Шумно выдыхаю, успокаиваюсь, киваю.

– Спасибо ещё раз. Спасибо, что остался.

– Говорят, что если в жизни можно оказать хоть маленькую услугу, не надо уклоняться от этого.

Я знаю, кто так говорит. Память у меня работает странненько, но эта цитата мне знакома.

– Хемингуэй.

Он удивлённо поднимает бровь, я лишь пожимаю плечами.

– На самом деле, с этим вот бросанием на шею ты очень здорово придумала.

– Наверное, мне сильно не хотелось умирать в собственном дворе под Новый год.

– Ты здесь живёшь?

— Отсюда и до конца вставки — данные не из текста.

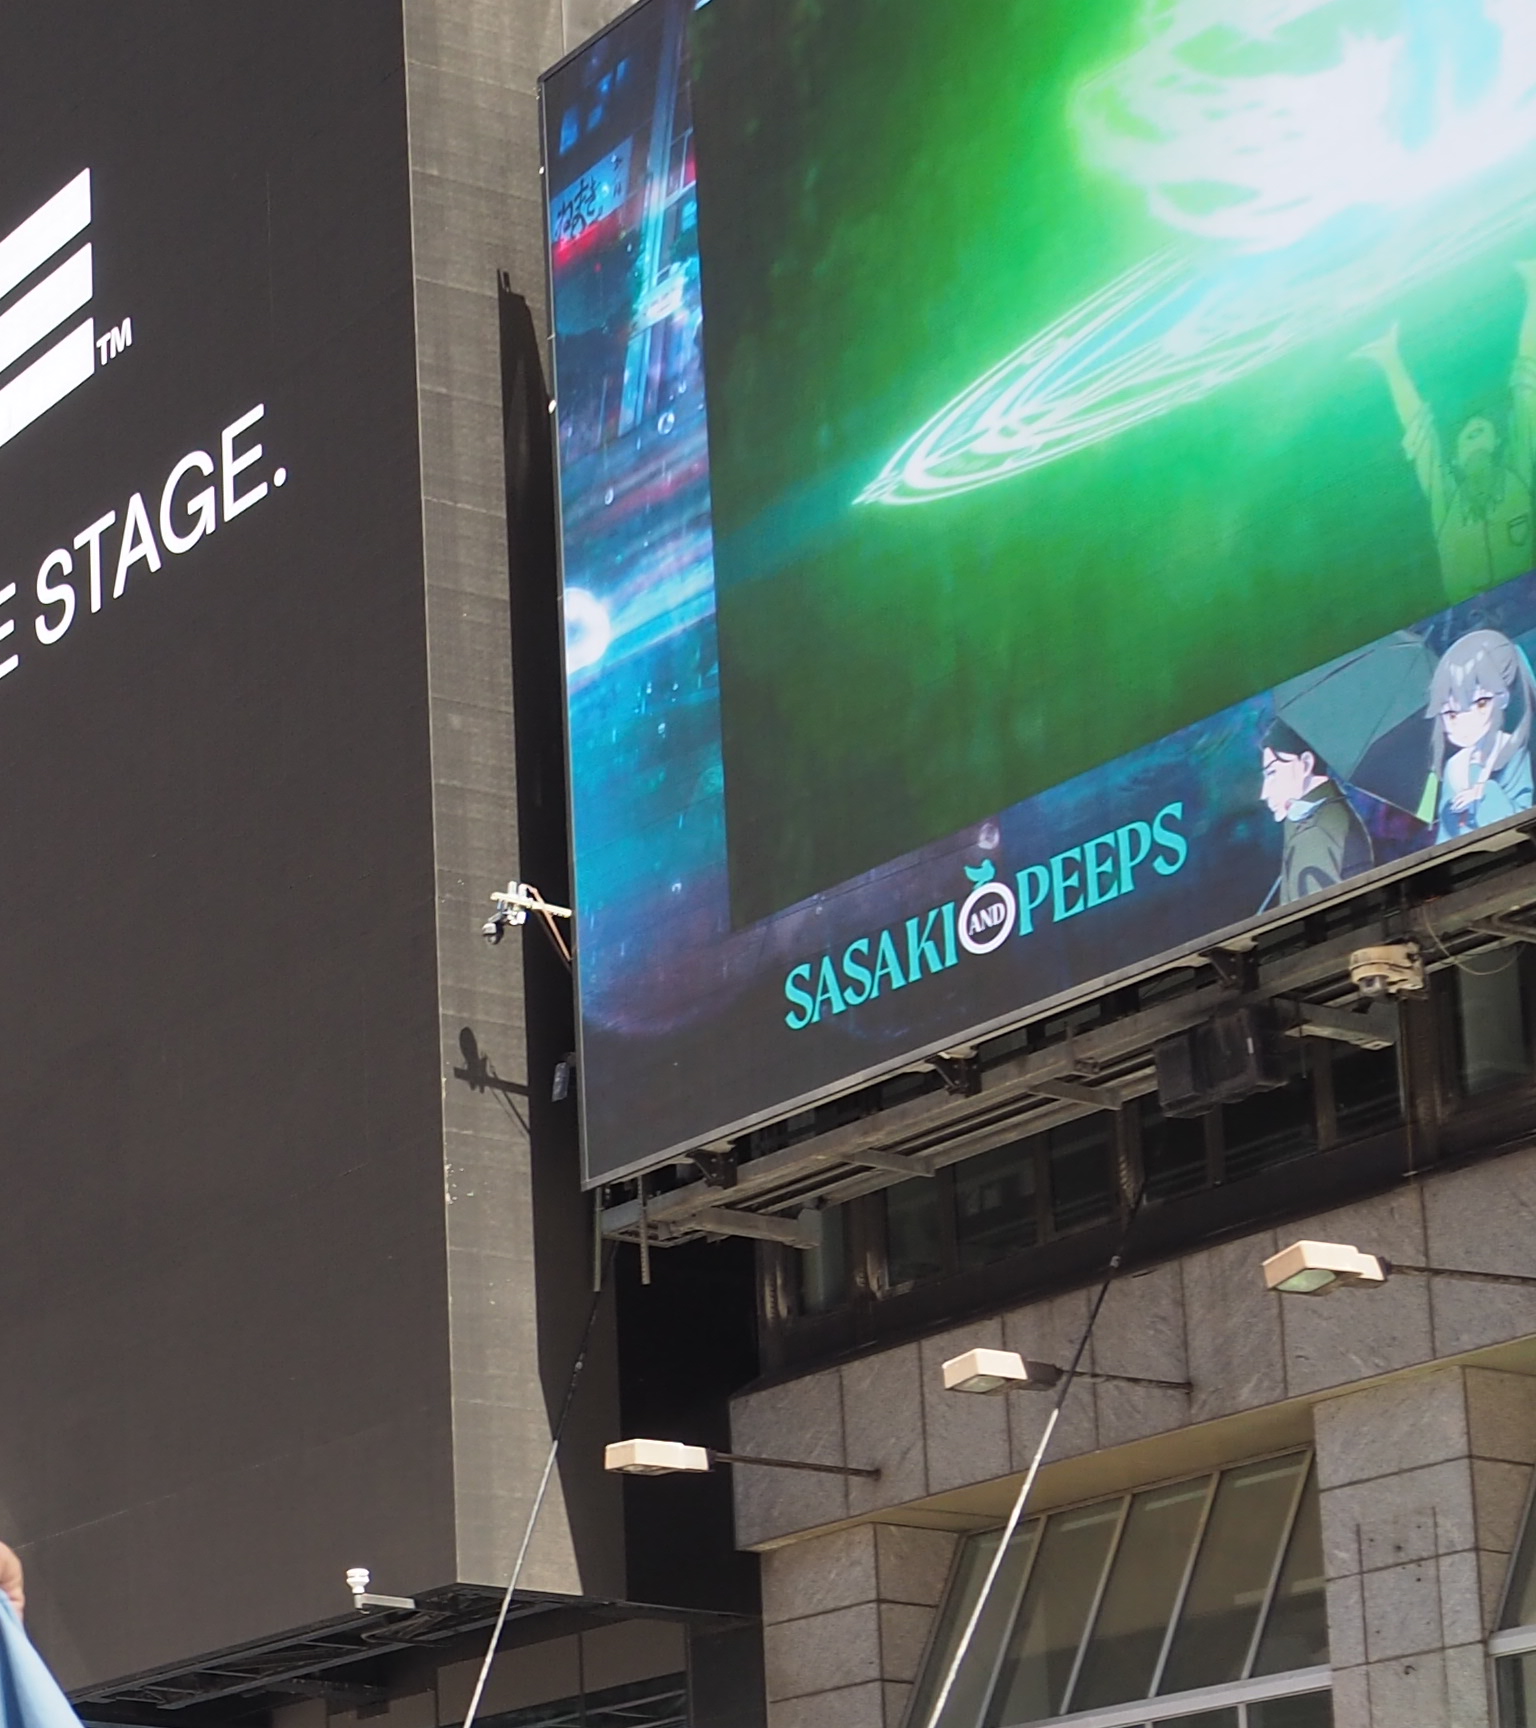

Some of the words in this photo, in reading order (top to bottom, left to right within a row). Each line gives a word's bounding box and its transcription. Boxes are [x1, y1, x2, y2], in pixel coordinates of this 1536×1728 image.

Домой идёшь?

– Да, вон мой подъезд, – машу рукой в дальний угол двора. – А ты?

– Был у приятеля. А теперь пытаюсь успеть на семейное застолье, но с такси какая-то засада.

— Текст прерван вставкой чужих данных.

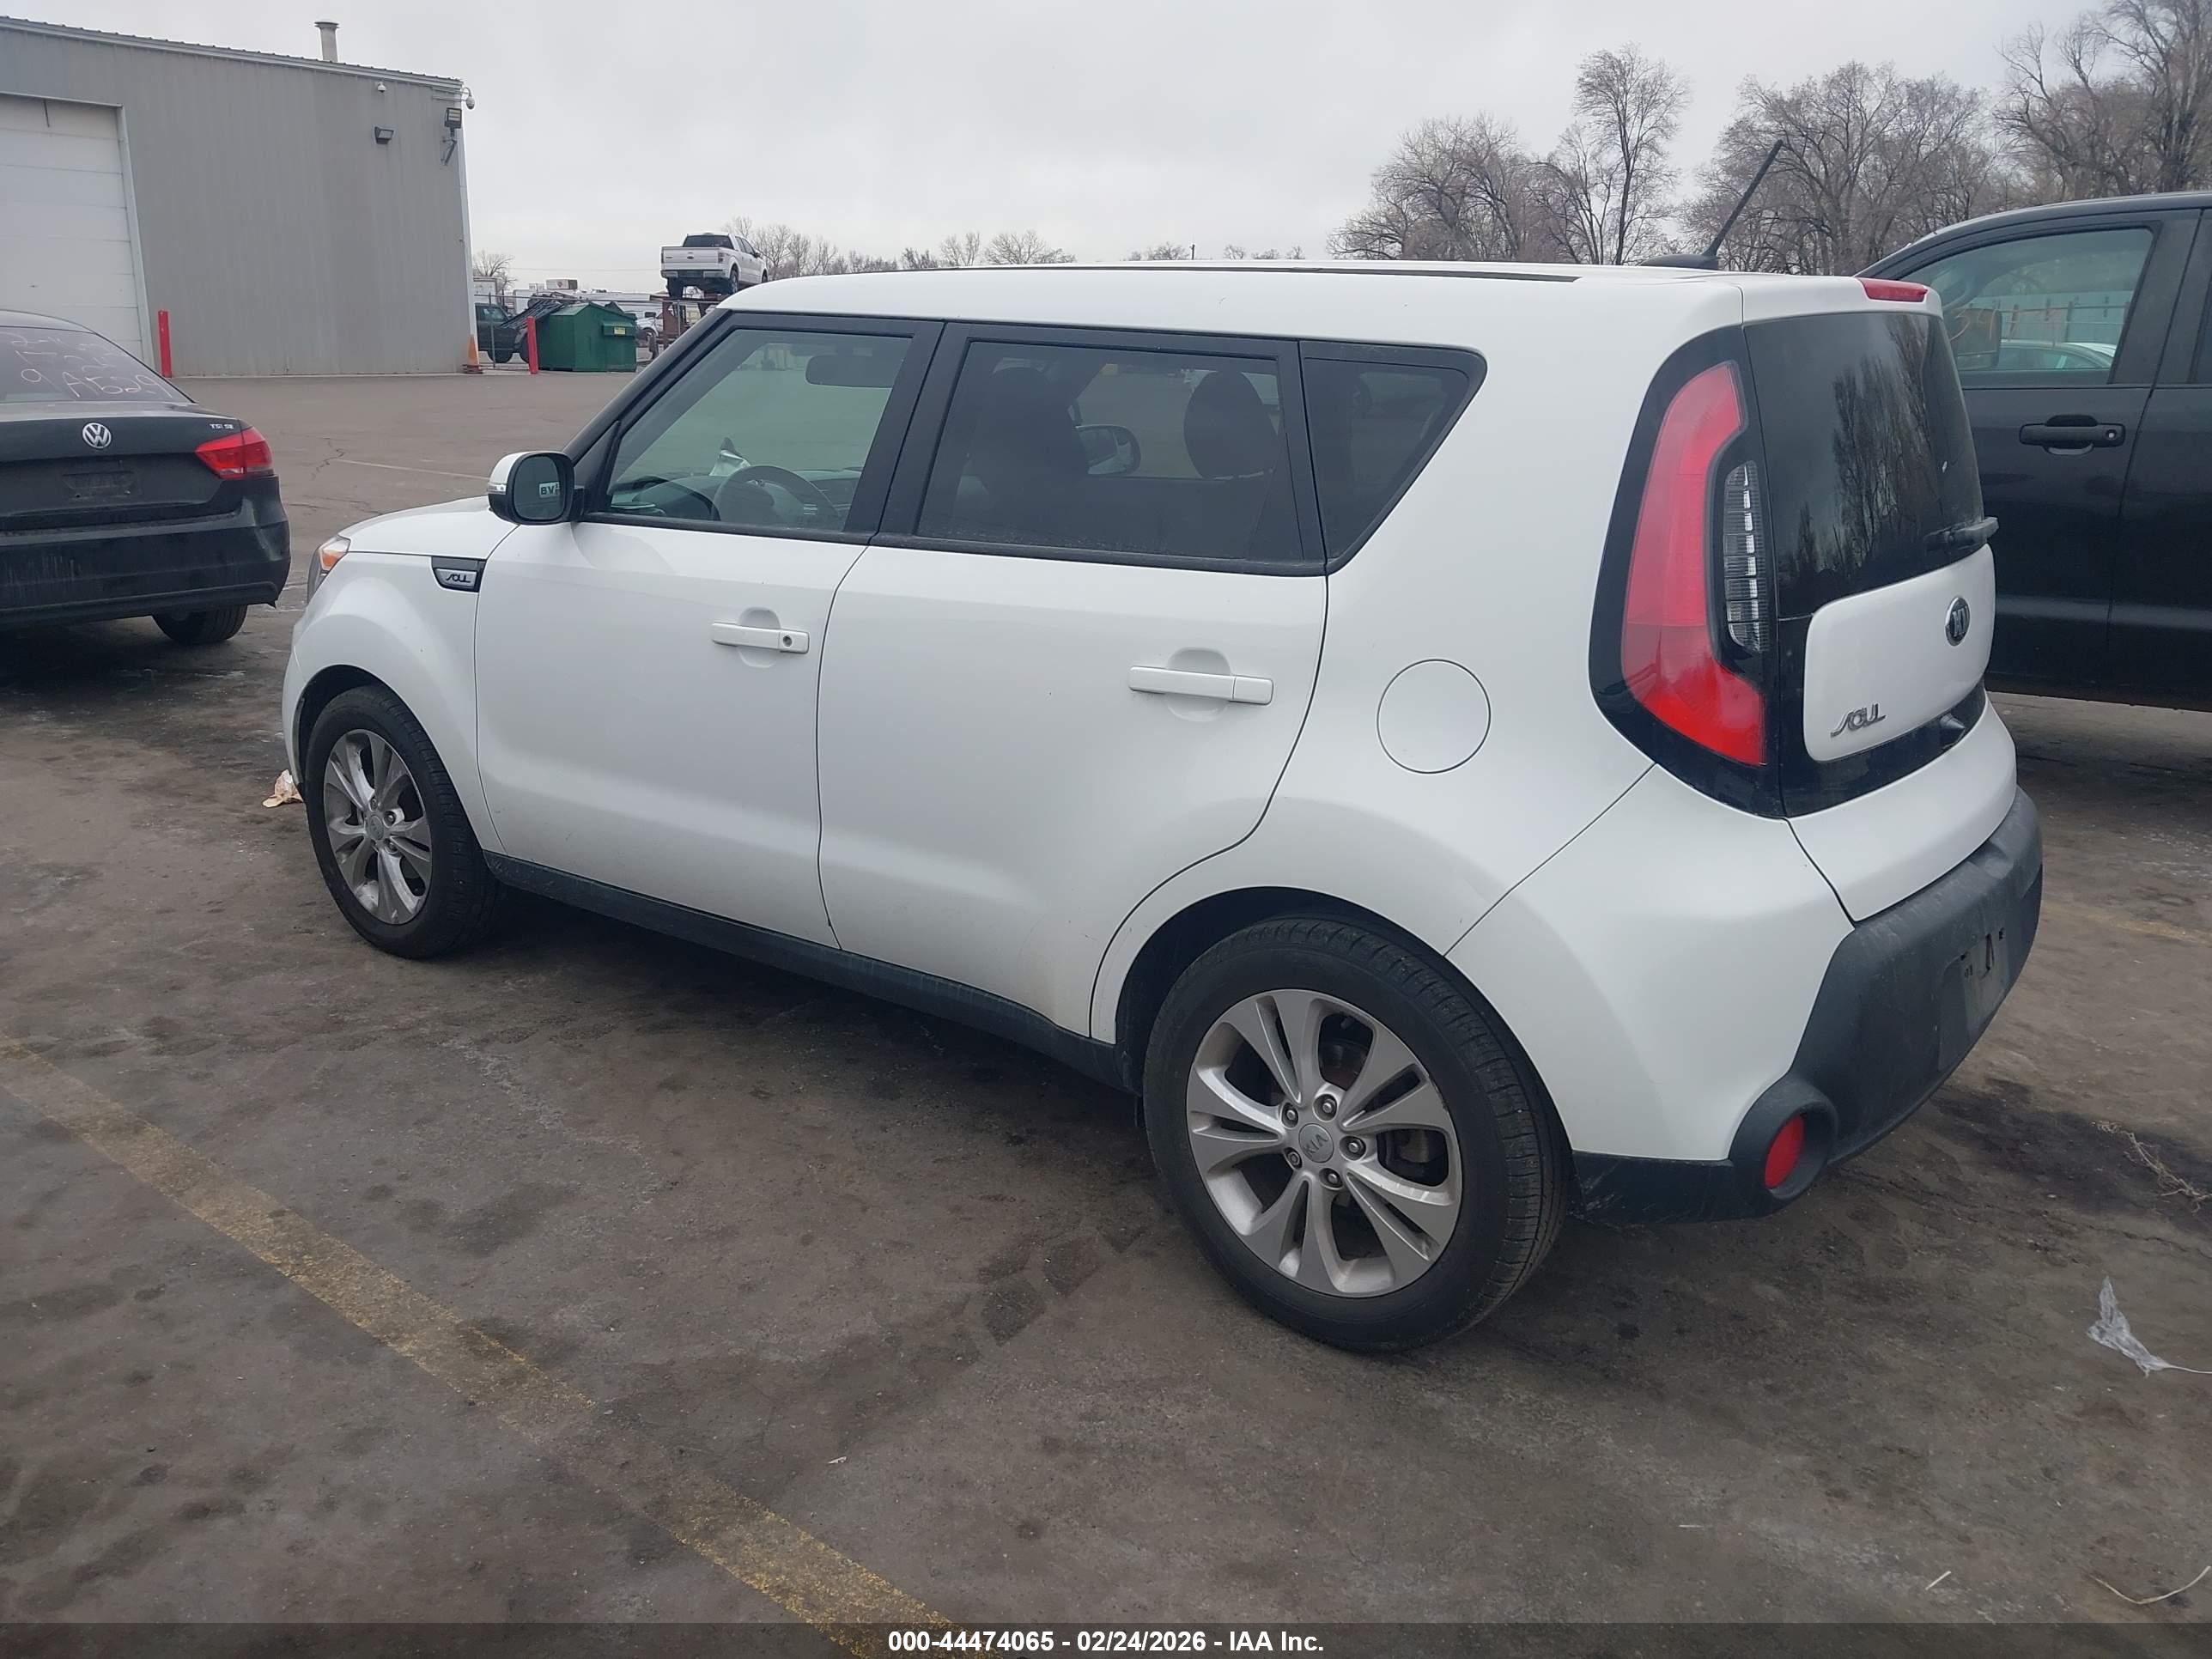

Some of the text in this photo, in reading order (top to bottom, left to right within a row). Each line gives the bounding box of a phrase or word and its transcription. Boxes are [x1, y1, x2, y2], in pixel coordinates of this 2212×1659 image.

[82, 422, 112, 449] VW
[1830, 703, 1886, 738] SOUL
[1304, 1133, 1328, 1158] KIA

– Ооо! – протягиваю со знанием дела. – Только не вздумай идти пешком. Я вот попробовала. Ничего страшного, думала я. Всего двадцать минут, думала я. А на тебе маньяка, решила вселенная. Получите, распишитесь!

Чувствую, что завожусь.

– Ладно, ладно, всё! – Он чуть наклоняется, кладёт ладони мне на плечи и пристально смотрит в глаза. – Всё закончилось. Ты в безопасности и почти дома. Давай я провожу тебя, чтобы наверняка.

С сомнением поджимаю губы и молчу, и он добавляет:

– Можем позвать собаку, если тебе так будет спокойнее. – А потом оборачивается и кричит в кусты: – Кешью! Где ты?

Не сдерживаюсь и хихикаю. Всё правда закончилось. Я правда почти дома. И мне почему-то уже так спокойно, что я готова не то что до подъезда, а на край земли за ним пойти. Удивляюсь возникшей в голове мысли и быстро прогоняю её. Кутаюсь в пуховик, веду подбородком в сторону подъезда, и мы медленно выходим из круга фонарного света.

– Семейное застолье, значит, хм? – спрашиваю я. – Жена? Дети?

1.4

Божечки, опять? Мне казалось, последние приключения здорово меня отрезвили, но я снова несу всякую чушь из серии «у пьяного на языке». И вообще, правильные женщины сами сканируют наличие кольца на пальце и не опускаются до подобных вопросов. Спасибо коммунальщикам, что в темноте двора не видно, как я стремительно краснею.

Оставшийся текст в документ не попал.